While the main reason SVB failed was its decision to buy bonds at the top of the market (it got hit when it had to sell), it had also in the past few years further stretched itself by sizably increasing its loans and lines of credit to subprime firms. How much of that would have happened if not for the Biden pot of gold at the end of the green-tech rainbow? A Washington Post story acknowledged that SVB’s weekend collapse initially meant that “many major clean tech companies faced insolvency.” It even accidentally admitted Washington’s role when it noted that many investors were nonetheless hopeful “the infusion of hundreds of billions of dollars in public money” from Washington legislation would “blunt the fallout from the bank collapse.”
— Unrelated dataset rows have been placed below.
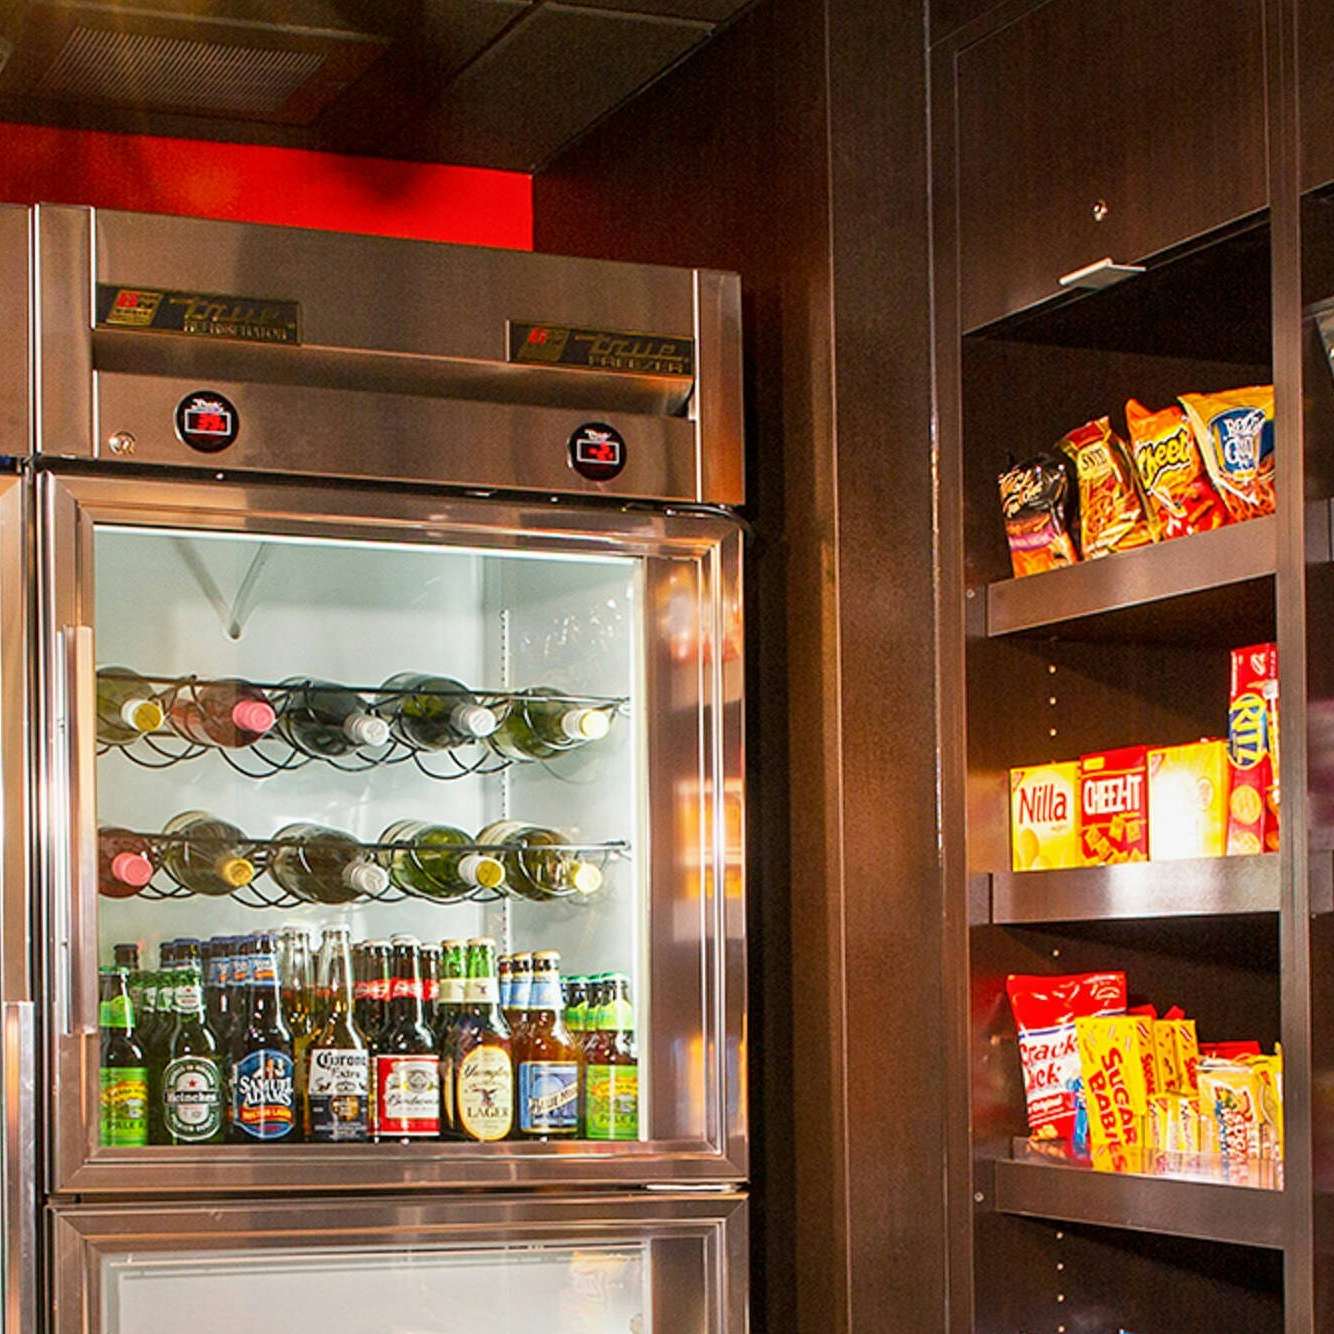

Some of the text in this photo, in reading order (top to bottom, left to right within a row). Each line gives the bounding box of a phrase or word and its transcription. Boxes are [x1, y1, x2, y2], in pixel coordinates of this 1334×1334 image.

[1018, 783, 1068, 825] Nilla
[1083, 773, 1143, 816] CHEEZ-IT
[316, 1052, 367, 1068] Corona
[1019, 1032, 1078, 1066] Crack
[239, 1075, 294, 1095] SAMUEL
[243, 1090, 292, 1106] ADAMS
[1102, 1046, 1138, 1146] SUGAR
[466, 1106, 509, 1119] LAGER
[1088, 1070, 1127, 1172] BABIES
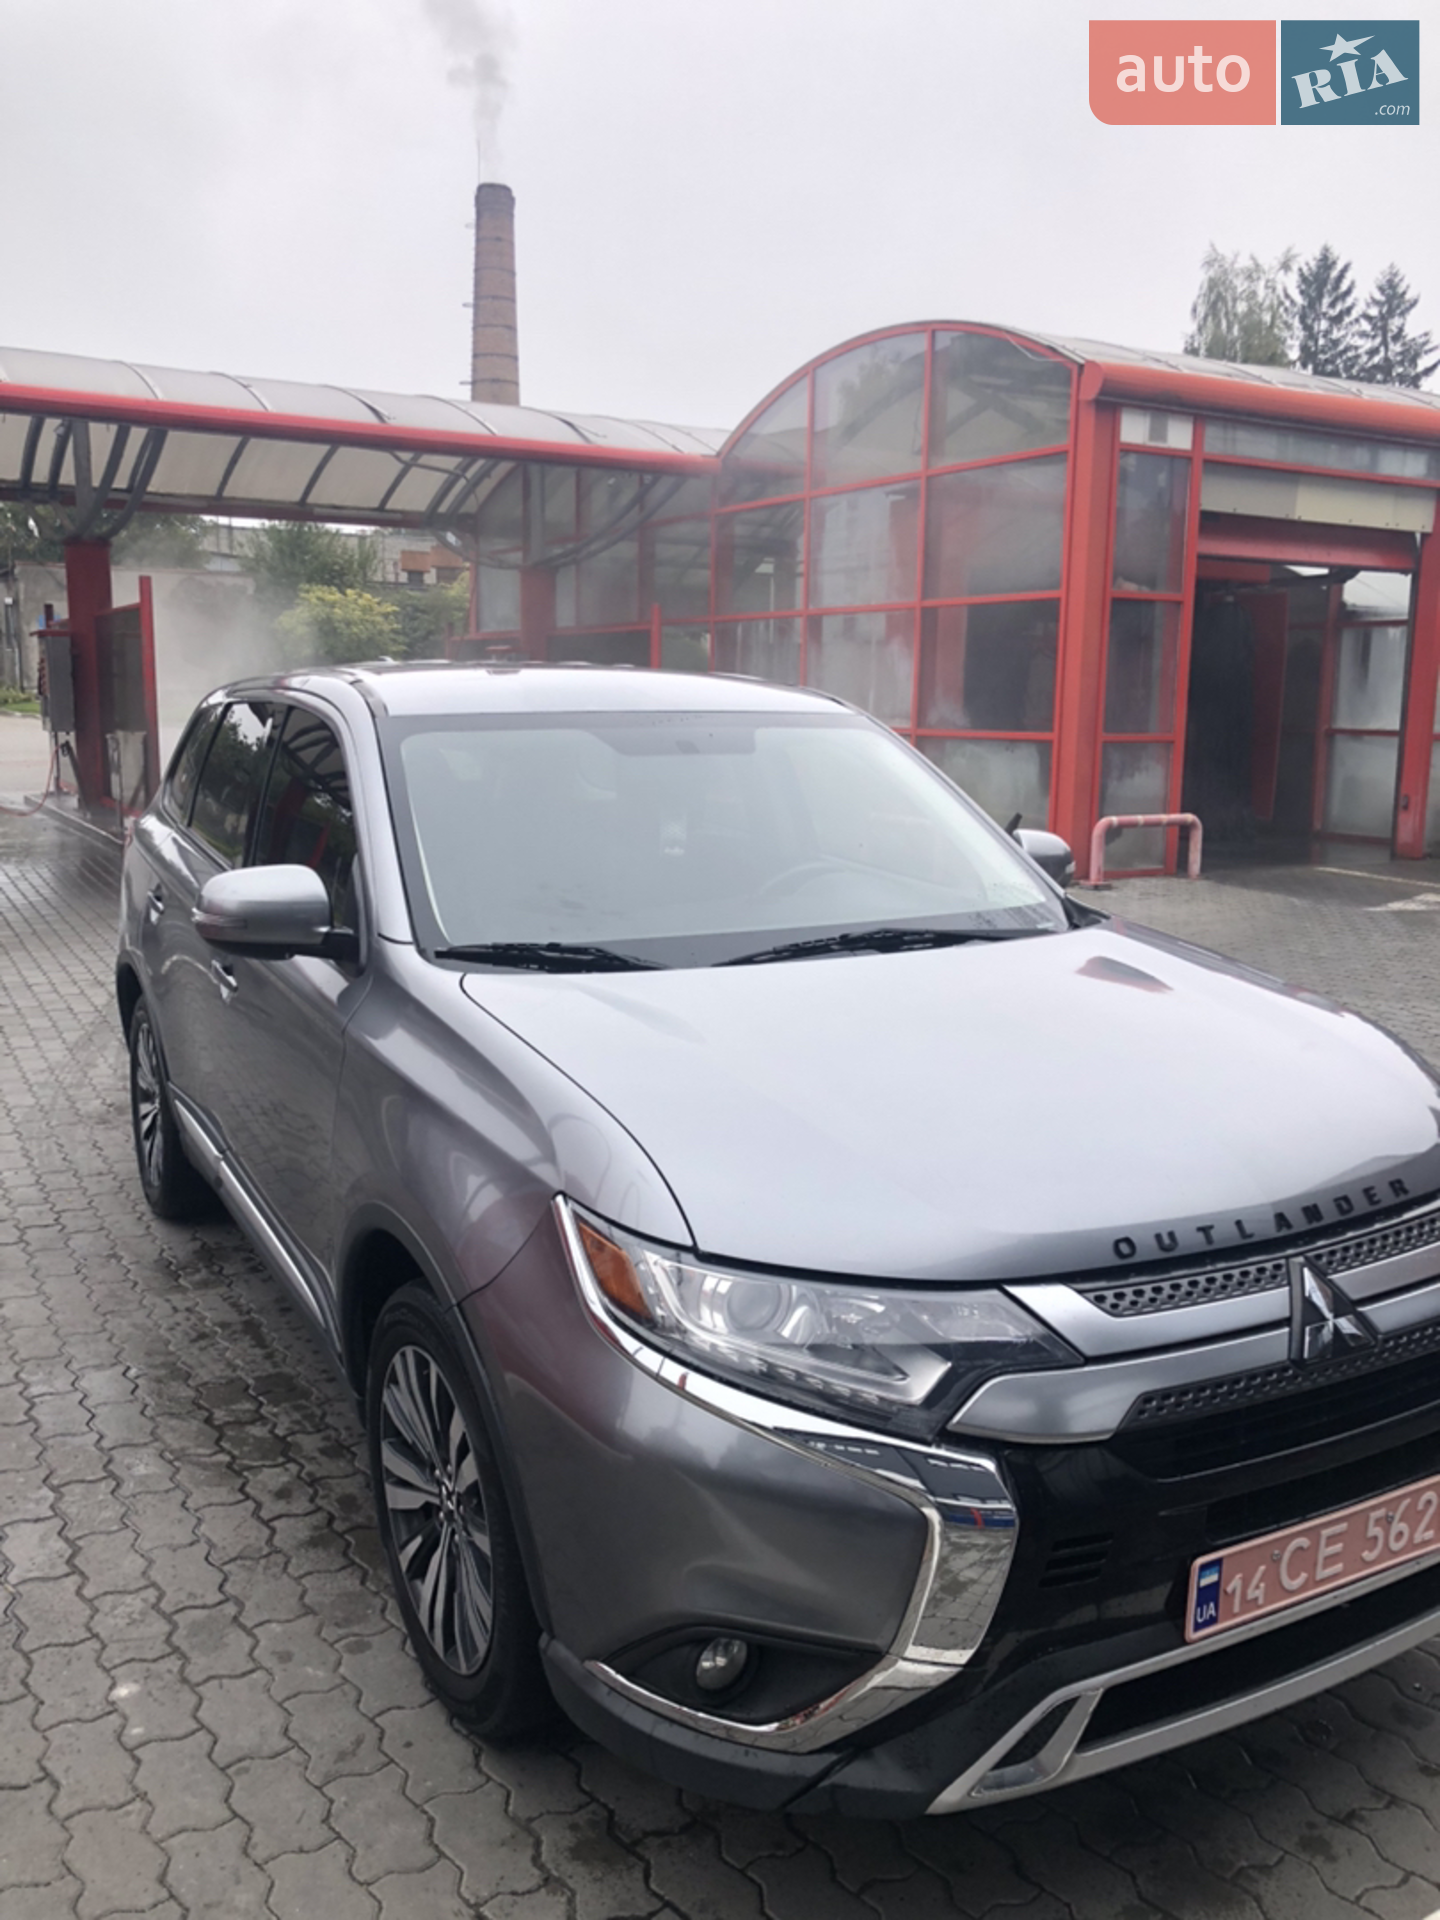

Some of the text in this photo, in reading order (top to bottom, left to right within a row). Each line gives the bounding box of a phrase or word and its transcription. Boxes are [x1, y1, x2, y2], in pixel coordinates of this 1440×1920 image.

[1112, 1177, 1410, 1260] OUTLANDER
[1223, 1490, 1438, 1614] 14 CE 562
[1195, 1601, 1217, 1623] UA
The politics doesn’t end there. Even a junior banking regulator should have picked up on SVB’s distress, but that’s apparently a grade above San Francisco Federal Reserve President Mary Daly. She and her team have spent more time of late focused on hypothetical climate risk than the real risk of bank failures. What woke overseer wants to clamp down on the darling of clean-tech banking?
And as for that “infusion” of government dollars, it turns out investors don’t have to wait for grant bucks. SVB had relatively few depositors, but most exceeded the federal deposit-insurance limit of $250,000. Had this been a regional bank in Texas specializing in oil and natural-gas ventures, those depositors would surely be out of luck. But the Biden administration immediately swooped in with an SVB bailout, promising to make all those clean-tech companies whole. Subsidy money, a regulatory blind eye, and bailout bucks—talk about a favored industry. This, while most every other company in the country faces a bevy of hostile Biden regulators and lawsuits.
Some Republicans are blaming the SVB meltdown on distraction—claiming the bank was overly focused on turbofunding climate and social-engineering causes. That’s a bit too convenient. SVB and its clients were doing exactly what Washington invited them to do—chase the money. And one big lesson is that no good ever comes from D.C. attempts to micromanage markets.